To date in this course, we have pulled Docker images from the official Docker registry hub, run containers from these images, and stopped containers that were running. While this basic approach has already provided considerable benefit, Docker actually supports significantly more functionality. Before proceeding, a quick overview of the Docker technology should prove useful.
First, in order to run any Docker commands, we need to have a Docker
daemon process. The Docker daemon processes the Docker commands that we
enter, such as docker ps
or docker run
. On Linux systems, this
daemon is fairly lightweight since many of the core functions required
for Docker to work are embedded in the Linux kernel. On Windows or Mac
OSX laptops, however, we need a separate application to function as the
Docker daemon. This application is Boot2Docker, which uses the
VirtualBox virtual appliance manager to operate a compact Linux OS
(tinycore64 Linux) to provide the Docker daemon functionality. Since
we are using a remote Docker daemon like Boot2Docker, we do not need to
use sudo
before executing any Docker command, as is typically shown in
the Docker documentation. The docker daemon can be explicitly run by
using the docker -d
command, but in this class we do not need to do
this since the boot2docker application already provides us with a Docker
daemon.
Docker manages software by dealing with layers. A read-only layer is
known as an image, and images can be stacked to form a more
complex image. In this manner, we can start with a base operating system
image and add software layers on top of this parent image to build a
more complex image. This layering can be seen when you pull
a Docker
image and different components are individually pulled from the Docker
registry. Images do not change and thus they have no state. Images are
referred to by a 64 hexadecimal digit string, although a short
identifier string consisting of the first twelve digits can be used at
the command line.
When an image is run, a new Docker container is created from the
indicated image in which changes are allowed. The container can run in
either detached or foreground mode. Detached mode is often used by
servers (like our IPython Notebook server) as the container runs in the
background. Interactions with the server are either through networked
connections or via shared volumes. A detached container can be connected
to via a docker attach
command, or via the exec
command for
containers that support interactive access. In foreground mode, the
container by default attaches to the console's STDIN, STDOUT, and STDERR
(although this can be changed).
A running container can be referenced in one of three ways:
A container can have an explicit restart policy, which can be useful
for running server processes, for example, a container can be started to
always restart when a container exits. In addition, by default a
container's file system persists after the container exists. This allows
post-mortem debugging, however, these zombie containers can quickly add
up, consuming resources. A container can be started with the --rm
flag
to indicate that the container's file system should be removed after the
container exits.
If you haven't yet done so, download the Hadoop Docker image built by SequenceIQ using an Ubuntu OS. Note that this is a trusted Docker container, and is automatically built and made available on the Docker Hub registry.
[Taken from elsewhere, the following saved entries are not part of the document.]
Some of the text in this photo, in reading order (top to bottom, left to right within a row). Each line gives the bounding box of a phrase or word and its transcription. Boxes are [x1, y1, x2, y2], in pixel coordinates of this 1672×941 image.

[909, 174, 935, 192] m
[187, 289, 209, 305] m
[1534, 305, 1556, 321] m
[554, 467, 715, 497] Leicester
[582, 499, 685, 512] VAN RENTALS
You can do this by opening a new Boot2Docker shell and entering:
docker pull sequenceiq/hadoop-ubuntu:2.6.0
This downloads an Ubuntu-based Docker container that contains a functional Hadoop environment. One component missing from this container is support for Hadoop streaming, which we will address in the introduction to Hadoop IPython Notebook. To simplify using this Docker image, we can add a tag to the Docker image that allows us to refer to the image by using a shorter name. The syntax for this command is shown below, which you should enter at a Boot2Docker prompt.
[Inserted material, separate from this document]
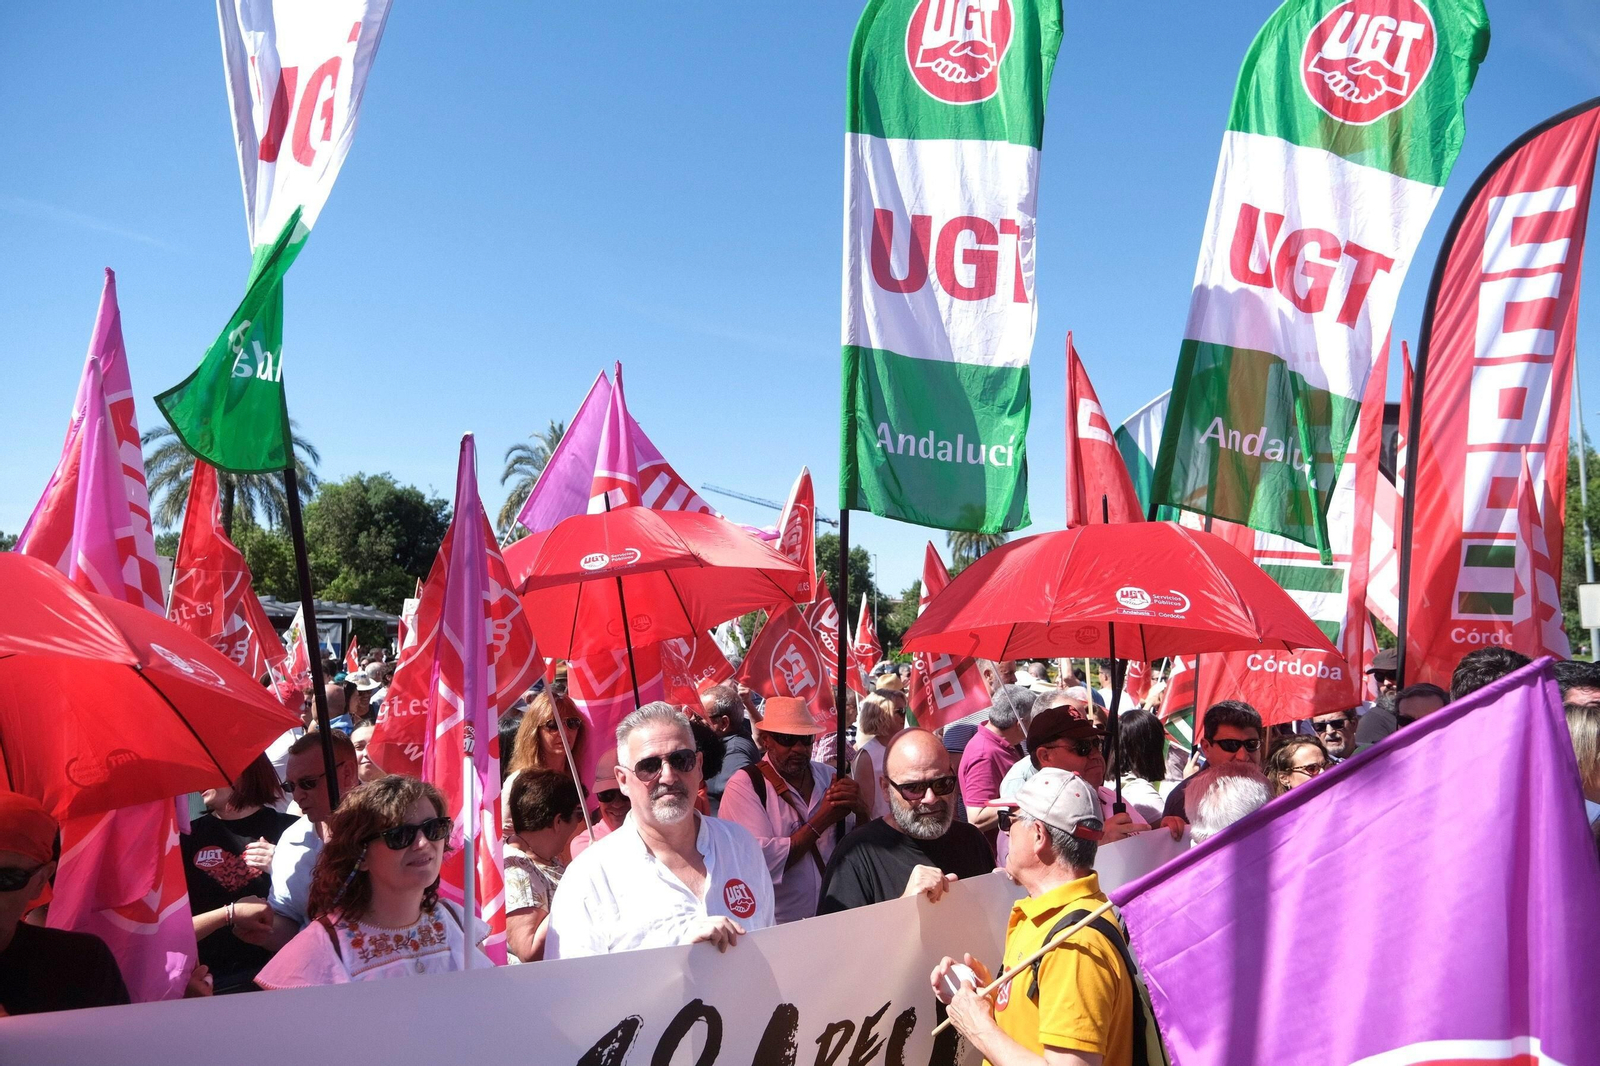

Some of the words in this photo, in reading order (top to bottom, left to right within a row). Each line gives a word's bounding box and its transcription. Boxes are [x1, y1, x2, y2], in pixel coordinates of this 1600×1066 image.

docker tag sequenceiq/hadoop-ubuntu:2.6.0 hadoop
We have already used the Docker shared volume feature to share a folder
between our host operating system and the Docker container by using the
-v
flag. By default, the Boot2Docker application will try to mount
/Users/
on a Mac OSX system or C:\Users
on a Windows system so that
we can easily mount host directories under these directories on a
running Docker container.
A more general approach can be used for sharing folders, however, where a specific data volume can be created and used by other Docker containers. For example, we could create a shared data volume from our IPython Server Docker container by using the following Docker command:
docker create -v /notebooks --name notebooks lcdm/info490
We could subsequently reuse this volume in other containers, for example
an Hadoop Docker container, by using the --volumes-from
attribute to
the docker run
command:
docker run -it --volumes-from notebooks --name hd1 hadoop
This data volume could be referenced as many times as necessary, simplifying the sharing of data (for example from an instructor to students in a classroom with shared disk space.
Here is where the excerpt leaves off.